Please output all of the entries exactly and omit any images they hold.

***** INPUT RECORDS *****

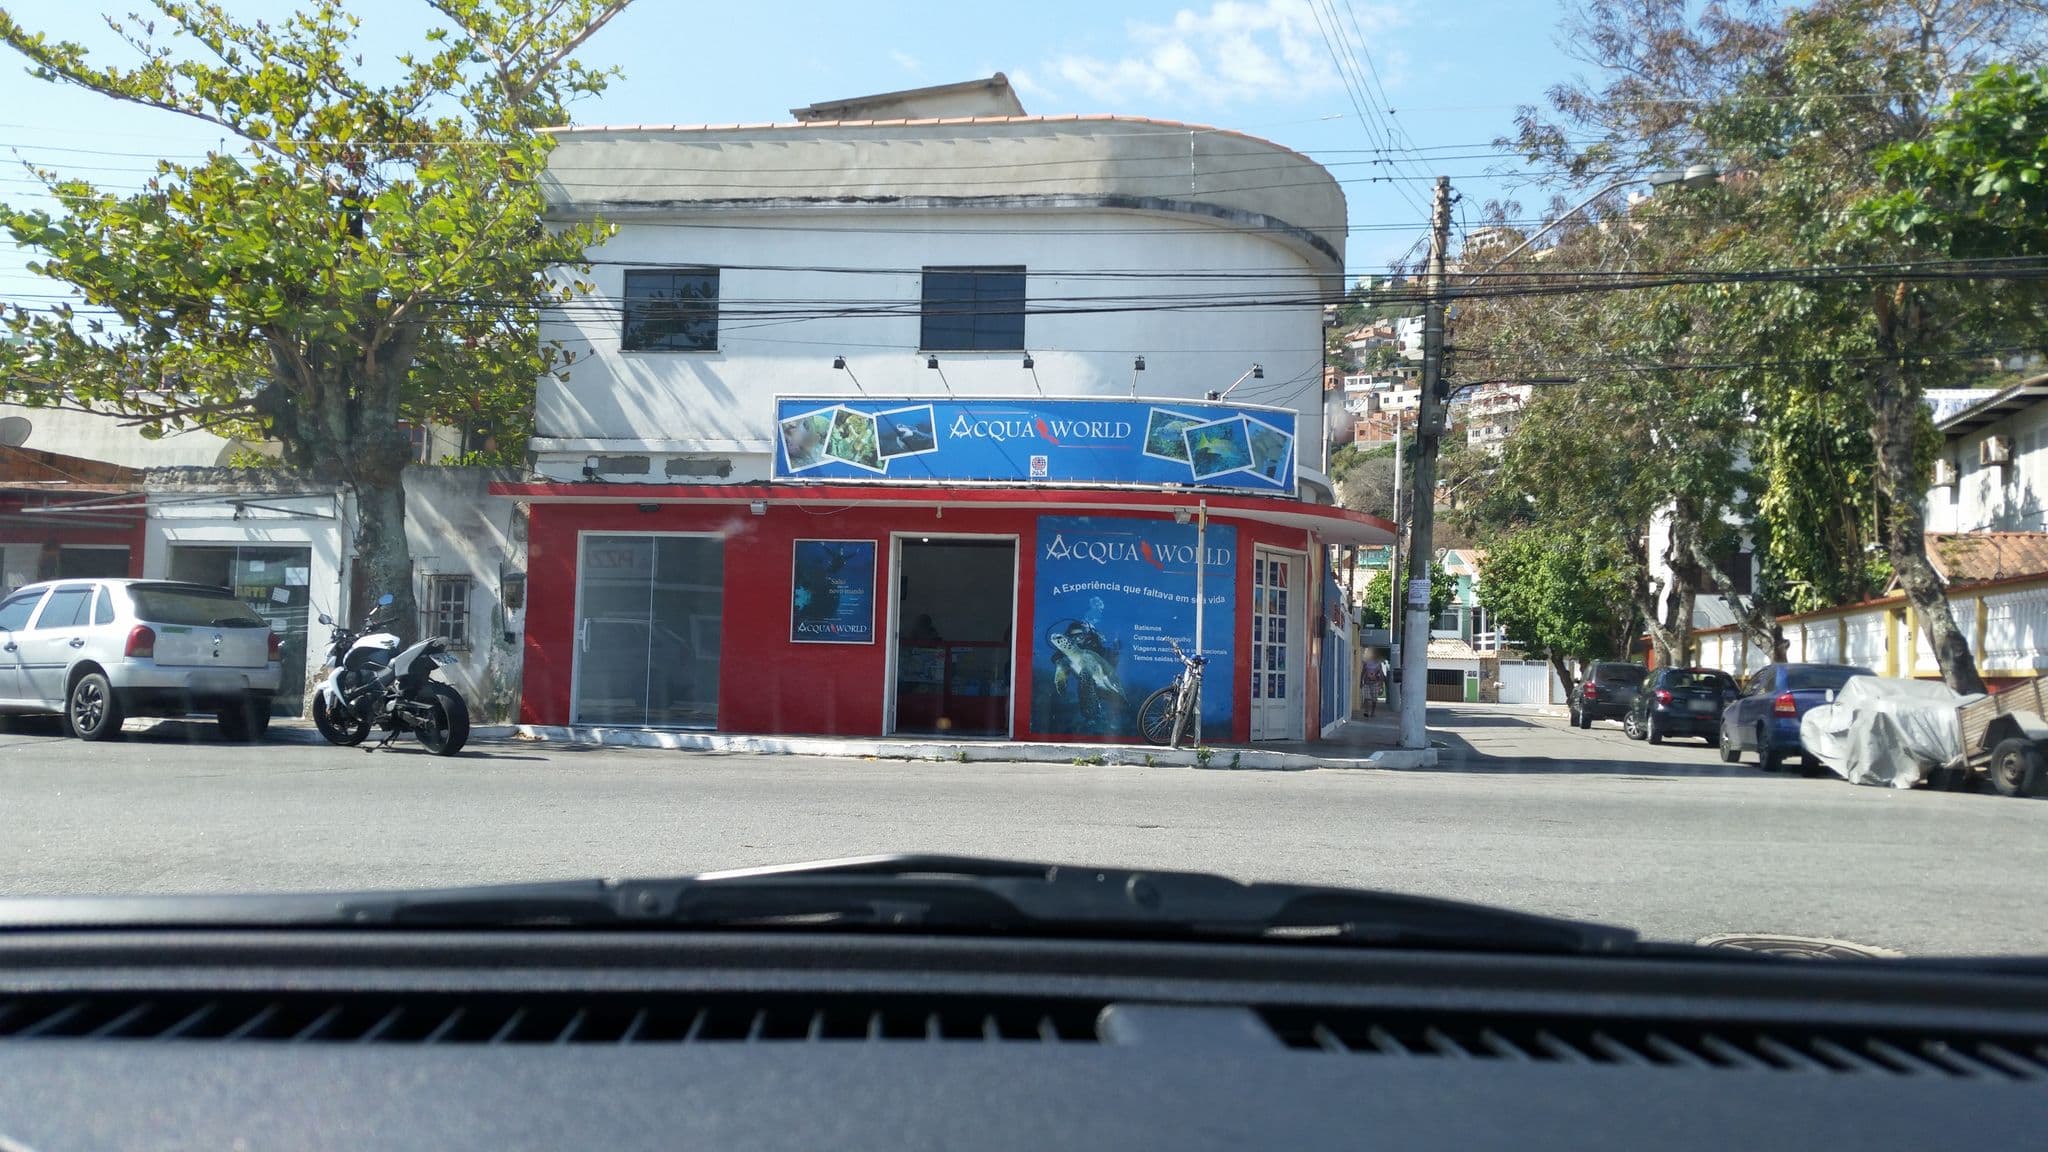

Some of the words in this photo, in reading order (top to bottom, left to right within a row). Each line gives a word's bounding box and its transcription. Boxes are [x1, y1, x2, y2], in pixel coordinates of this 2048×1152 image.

[950, 414, 1035, 441] ACQUA
[1050, 421, 1131, 438] WORLD
[1046, 534, 1139, 564] ACQUA
[1155, 544, 1230, 566] WOLD
[1053, 586, 1061, 596] A
[1062, 580, 1120, 593] Experiência
[1123, 585, 1141, 595] que
[1143, 586, 1174, 601] faltava
[1175, 594, 1189, 603] em
[1208, 594, 1225, 604] vida
[798, 622, 830, 634] ACQUA
[836, 624, 867, 633] WORLD
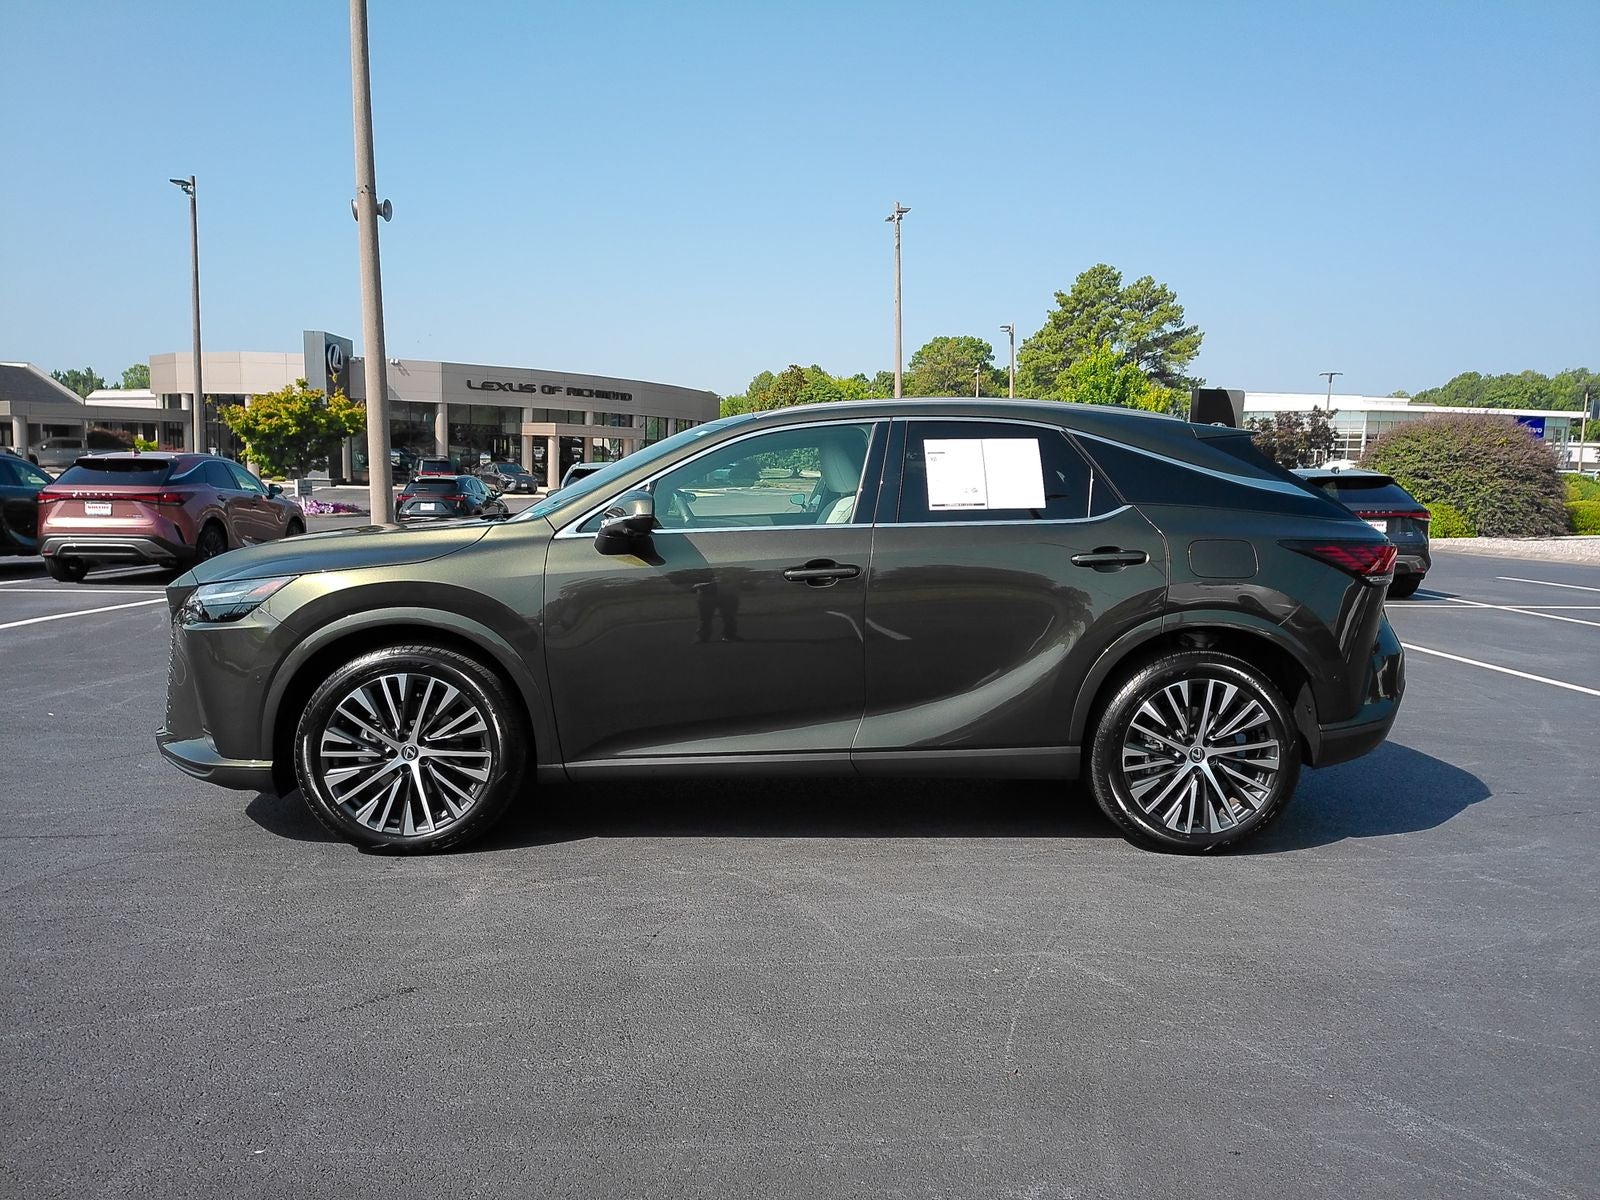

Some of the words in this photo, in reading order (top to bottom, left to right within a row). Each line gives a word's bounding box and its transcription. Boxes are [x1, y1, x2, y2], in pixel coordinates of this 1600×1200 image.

[467, 380, 537, 393] LEXUS
[541, 385, 563, 395] OF
[567, 387, 632, 401] RICHMOND

*****

OUTPUT OF THE EXERCISE –
Some of the words in this photo, in reading order (top to bottom, left to right within a row). Each line gives a word's bounding box and its transcription. Boxes are [x1, y1, x2, y2], in pixel coordinates of this 2048×1152 image.

[950, 414, 1035, 441] ACQUA
[1050, 421, 1131, 438] WORLD
[1046, 534, 1139, 564] ACQUA
[1155, 544, 1230, 566] WOLD
[1053, 586, 1061, 596] A
[1062, 580, 1120, 593] Experiência
[1123, 585, 1141, 595] que
[1143, 586, 1174, 601] faltava
[1175, 594, 1189, 603] em
[1208, 594, 1225, 604] vida
[798, 622, 830, 634] ACQUA
[836, 624, 867, 633] WORLD

Some of the words in this photo, in reading order (top to bottom, left to right within a row). Each line gives a word's bounding box and its transcription. Boxes are [x1, y1, x2, y2], in pixel coordinates of this 1600×1200 image.

[467, 380, 537, 393] LEXUS
[541, 385, 563, 395] OF
[567, 387, 632, 401] RICHMOND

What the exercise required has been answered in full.